Data Anaysis in Python

Sep 30, 2019

1. Profitable App Profiles For The App Store And Google Play Markets.

In this project the data of a company that builds Android and iOS mobile apps is under consideration. The company makes the apps available on Google Play and the App Store and only builds apps that are free to download and install; and the main source of revenue consists of in-app ads. This means that comnany’s revenue for any given app is mostly influenced by the number of users who use the app — the more users that see and engage with the ads, the better. Therefore the goal of this project is to analyze data to help company’s developers understand what type of apps are likely to attract more users.

2. Exploring Hacker News Posts.

In this project, the work with a data set of submissions to popular technology site Hacker News is under consideration. Hacker News is a site, where user-submitted stories (known as “posts”) are voted and commented upon. Hacker News is very popular in technology and startup circles, and posts that make it to the top of Hacker News’ listings can get hundreds of thousands of visitors as a result.

The posts whose titles begin with Ask HN or Show HN are specifically interesting in this project. Users submit Ask HN posts to ask the Hacker News community a question; users submit Show HN posts to show the Hacker News community a project, product, something interesting.

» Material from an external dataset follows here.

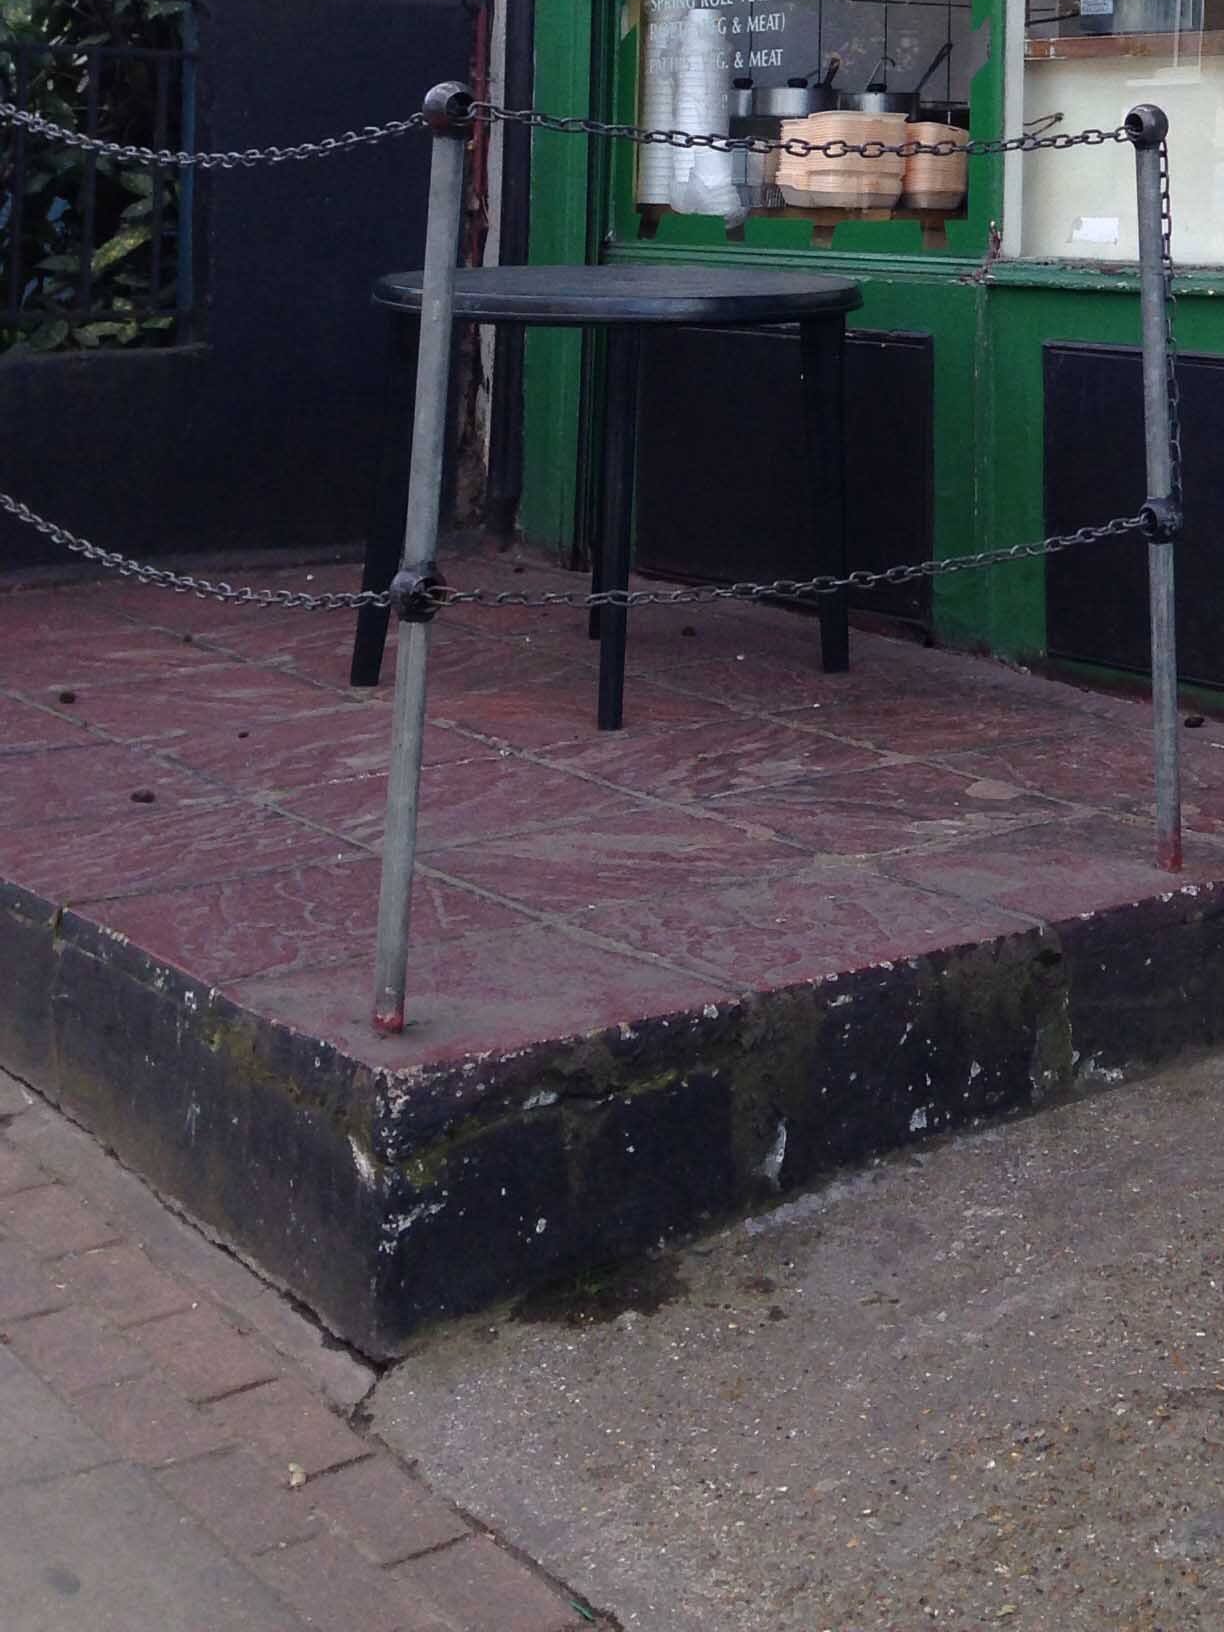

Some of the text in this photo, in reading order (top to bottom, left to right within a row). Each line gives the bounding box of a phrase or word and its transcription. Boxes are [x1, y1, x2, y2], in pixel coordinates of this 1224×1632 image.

[731, 16, 742, 35] &
[746, 12, 786, 33] MEAT)
[734, 50, 744, 69] &
[749, 48, 784, 68] MEAT

The main goal of this project is to answer the following questions: Do Ask HN or Show HN receive more comments on average? Do posts created at a certain time receive more comments on average?

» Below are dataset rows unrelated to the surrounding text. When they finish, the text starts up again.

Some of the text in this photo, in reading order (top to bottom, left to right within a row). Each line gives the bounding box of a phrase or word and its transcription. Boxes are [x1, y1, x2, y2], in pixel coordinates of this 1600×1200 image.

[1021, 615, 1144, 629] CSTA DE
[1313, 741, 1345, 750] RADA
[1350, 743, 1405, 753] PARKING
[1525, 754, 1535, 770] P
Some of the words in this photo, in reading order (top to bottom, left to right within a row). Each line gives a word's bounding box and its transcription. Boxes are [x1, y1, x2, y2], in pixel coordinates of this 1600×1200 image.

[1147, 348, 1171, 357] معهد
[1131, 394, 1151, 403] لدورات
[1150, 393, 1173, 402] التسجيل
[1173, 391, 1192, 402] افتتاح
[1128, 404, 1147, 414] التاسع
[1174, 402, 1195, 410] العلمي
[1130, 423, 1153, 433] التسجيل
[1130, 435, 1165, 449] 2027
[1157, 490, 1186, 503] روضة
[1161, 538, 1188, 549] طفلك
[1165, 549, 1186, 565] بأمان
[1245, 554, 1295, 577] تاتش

3. Exploring Ebay Car Sales Data.

The goal of this project is to clean the data and analyze the included used car listings.

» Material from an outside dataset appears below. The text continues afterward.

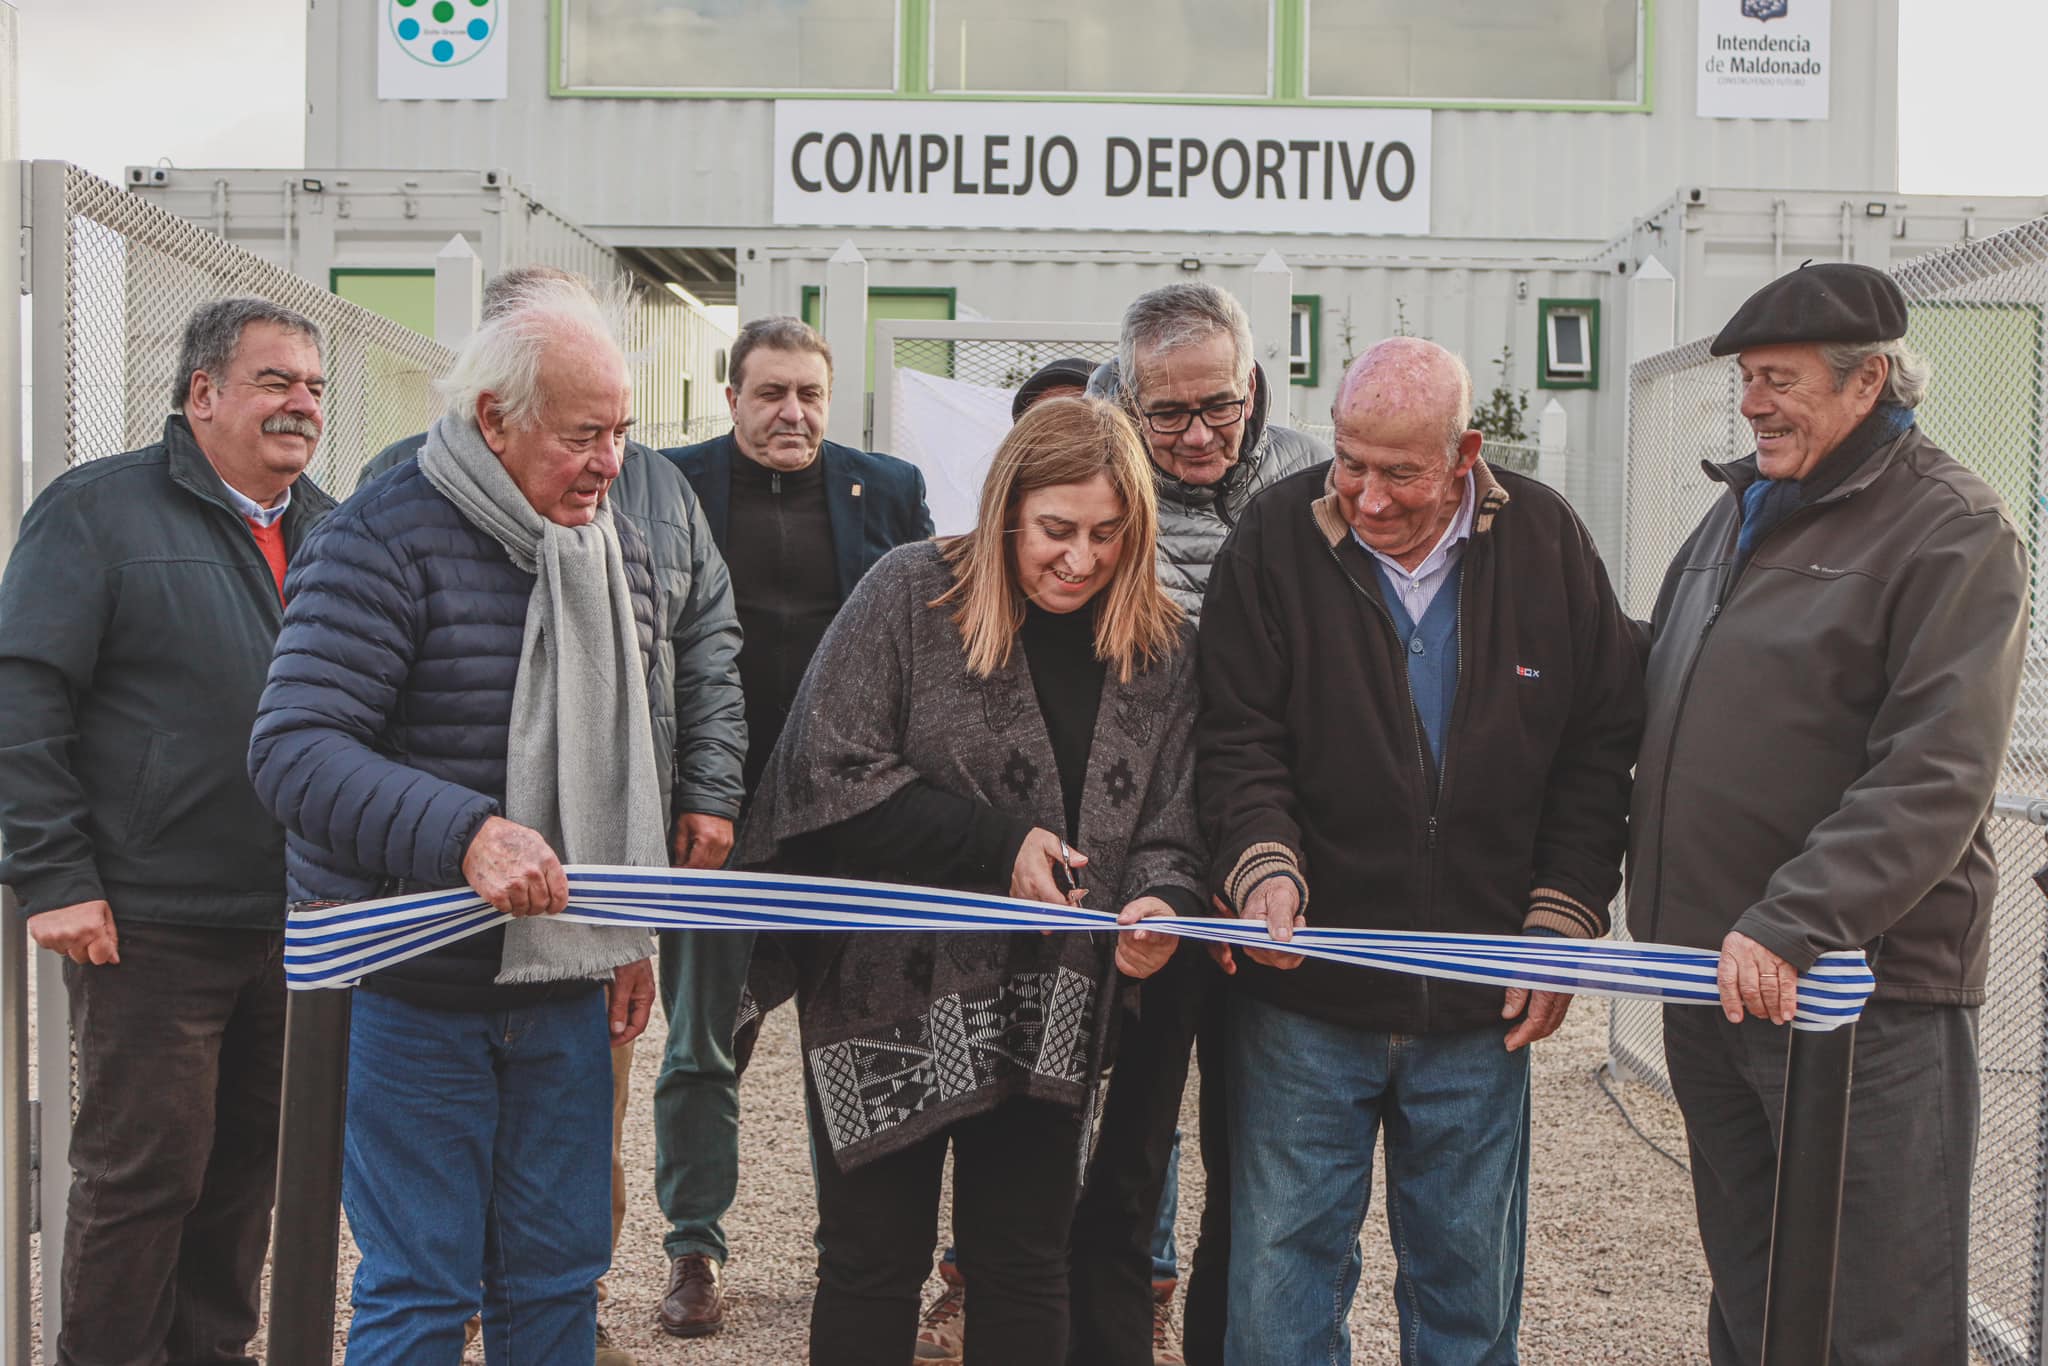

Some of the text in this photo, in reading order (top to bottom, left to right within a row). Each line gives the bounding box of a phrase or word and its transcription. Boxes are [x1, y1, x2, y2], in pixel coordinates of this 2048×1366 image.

4. Visualizing Earnings Based On College Majors.

The dataset on the job outcomes of students who graduated from college between 2010 and 2012 is under consideration in this project. Using visualizations (scatter plots, histograms, bar plots), the following questions from the dataset was explored: Do students in more popular majors make more money? How many majors are predominantly male? Predominantly female? Which category of majors have the most students?

5. Visualizing The Gender Gap In College Degrees.

6. Analyzing NYC High School Data.

7. Star Wars Survey.

8. Clean And Analyze Employee Exit Surveys.

In this project, exit surveys from employees of the Department of Education, Training and Employment (DETE) and the Technical and Further Education (TAFE) institute in Queensland,

Australia is under consideration. The following was explored: Are employees who only worked for the institutes for a short period of time resigning due to some kind of dissatisfaction? What about employees who have been there longer? Are younger employees resigning due to some kind of dissatisfaction? What about older employees?

9. Analyzing CIA Factbook Data Using SQLite and Python.

10. Answering Business Questions using SQL.

11. Designing and Creating a Database.

12. Finding the Best Markets to Advertise In.

In this project some e-learning company that offers courses on programming is considered. Most of the courses of the company are on web and mobile development, but they also cover many other domains, like data science, game development, etc. The company want to promote our product and to invest some money in advertisement. The goal of this project is to find out the two best markets to advertise the company product in.

To avoid spending money on organizing a survey, the first what is necessary to try is to make use of existing data to determine whether the company can reach any reliable result. One good candidate for the purpose is freeCodeCamp’s 2017 New Coder Survey. freeCodeCamp is a free e-learning platform that offers courses on web development. Because they run a popular Medium publication (over 400,000 followers), their survey attracted new coders with varying interests (not only web development), which is ideal for the purpose of the analysis.

13. Investigating Fandango Movie Ratings.

In October 2015, a data journalist named Walt Hickey analyzed movie ratings data and found strong evidence to suggest that Fandango’s rating system was biased and dishonest (Fandango is an online movie ratings aggregator). He published his analysis in this article — a great piece of data journalism that’s totally worth reading.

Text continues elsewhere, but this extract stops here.